May 2 – 8 is Mental Health Week across Canada. It has become a week of increasing attention as it not only recognizes the importance and impact of the mental health challenges we all face, but also normalizes them so we are able to bring them into the open, which is the first step in managing them.
In our world, a problem requires a solution. Things need to be fixed. Mental health is a form of health like any other but dealing with it can often be much more complicated than a wound or a disease. The sources and manifestations can be many and complicated. There is often no quick solution.
This is why I use the word “manage”. For many people dealing with mental health struggles is a matter of managing them. Some good days, some not so good. Support and treatment are ways to make life better and people should seek out resources to help them. Often with support those issues can be reduced or alleviated, but for many, life continues with them in one form or another.

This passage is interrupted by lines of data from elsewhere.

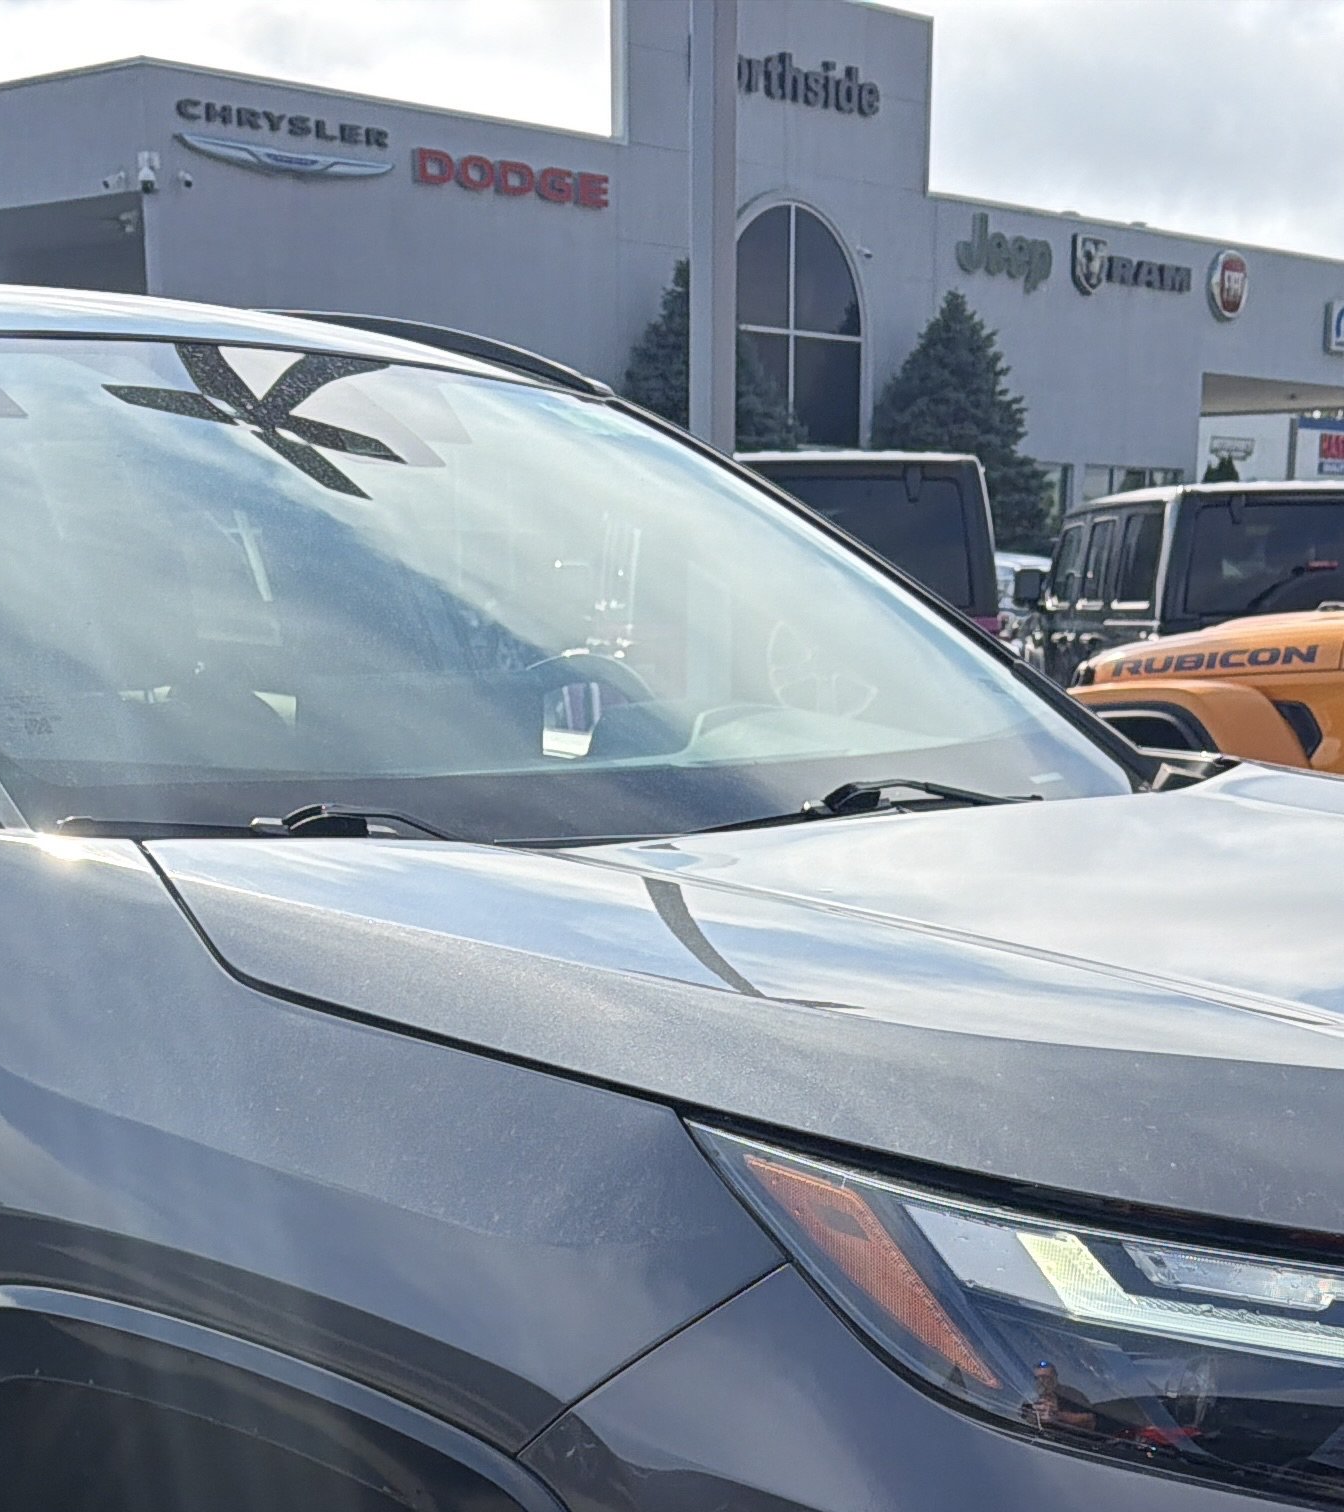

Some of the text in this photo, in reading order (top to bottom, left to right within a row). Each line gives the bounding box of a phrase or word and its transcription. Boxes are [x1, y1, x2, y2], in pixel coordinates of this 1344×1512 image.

[175, 98, 390, 148] CHRYSLER
[412, 146, 610, 209] DODGE
[956, 212, 1053, 295] Jeep
[1106, 255, 1193, 293] RAM
[1111, 644, 1319, 677] RUBICON

The theme of mental health this week is Empathy. I think it’s an appropriate one. Empathy is the ability to understand and share the feelings of another. It’s the tie that binds us together as coworkers, caregivers, family, friends and neighbours.

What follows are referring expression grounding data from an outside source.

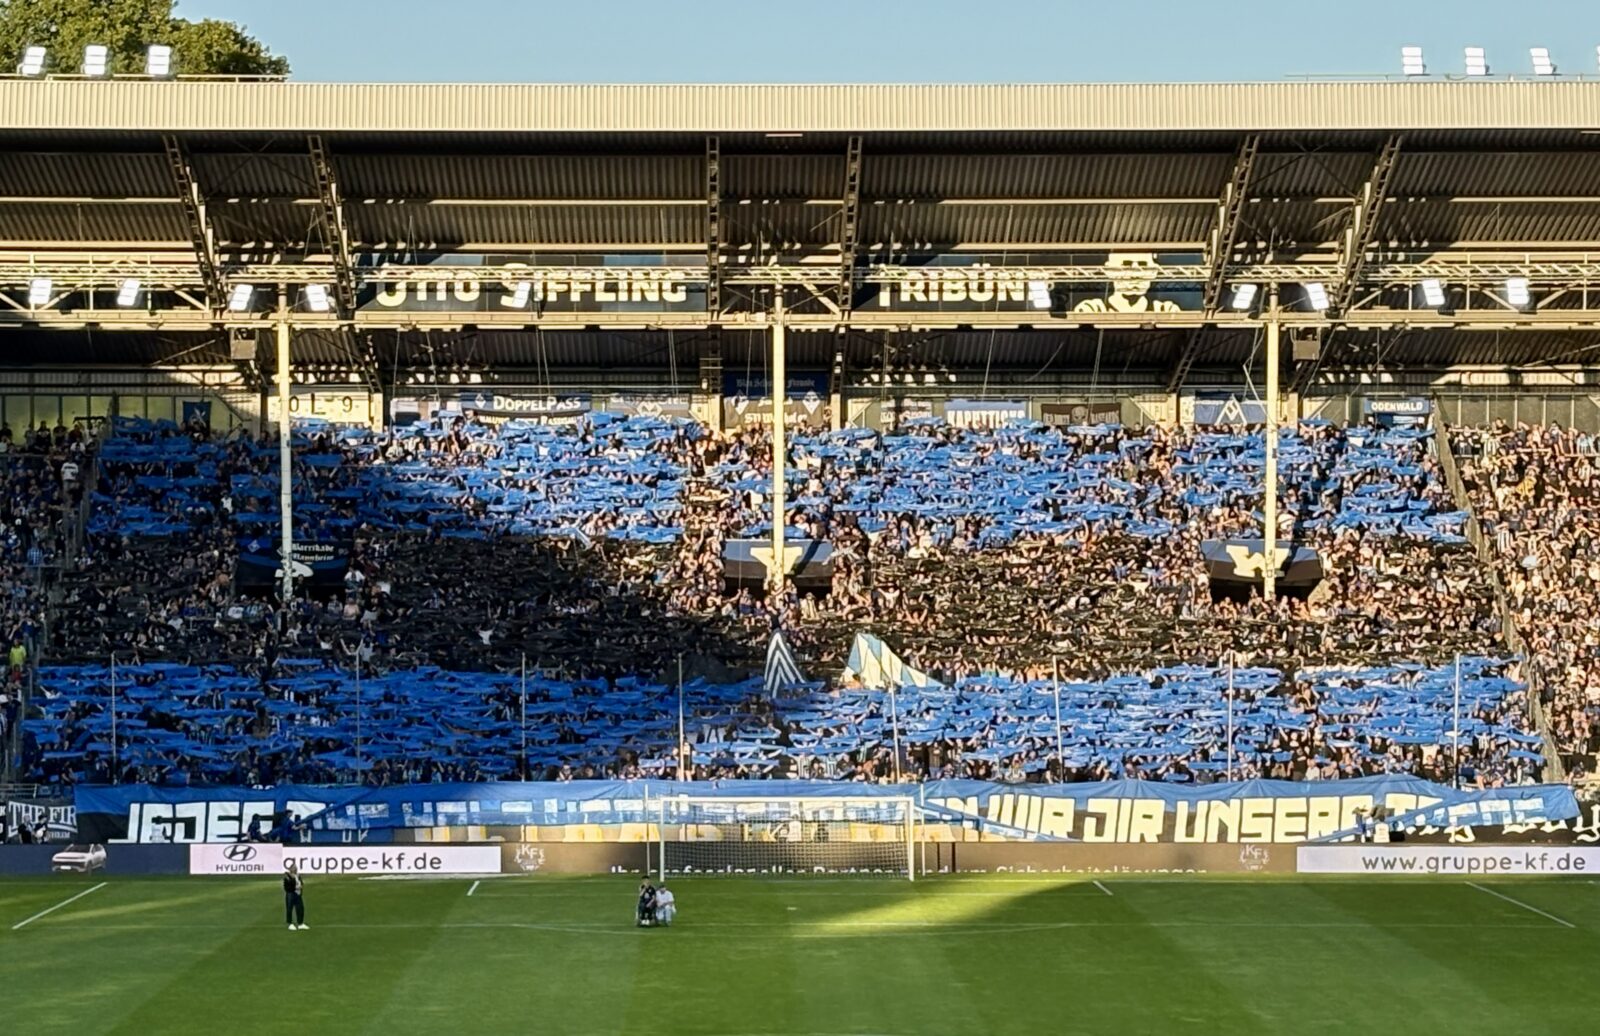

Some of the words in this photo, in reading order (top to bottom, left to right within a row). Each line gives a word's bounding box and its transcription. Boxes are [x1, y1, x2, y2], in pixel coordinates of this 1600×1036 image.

[376, 263, 480, 307] OTTO
[877, 263, 1051, 307] TRIBÜN
[1371, 402, 1423, 411] ODENWALD
[1083, 797, 1165, 843] DIR
[215, 864, 264, 872] HYUNDAI
[283, 852, 442, 873] gruppe-kf.de
[1362, 852, 1586, 873] www.gruppe-kf.de

With mental health, empathy is essential. It’s how we allow others to bring their issues out of the darkness and seek help. It’s how we allow ourselves to do the same. By being empathic we are understanding that every day is part of a process that we are all working on in our own way somehow.
This week I ask you to reflect on the word empathy and offer it to those around you. People whom you may or may not know: a stranger in front of you at the grocery store who unbeknownst to you is going through a hard time, a family member with whom you might have differing opinions, to yourself for being human in an uncertain time.
As you’ve heard many times before, we are all in this together. The pandemic, work, life, family, whatever. By giving and receiving empathy we can all manage what we’re going through working our way toward a better day every day.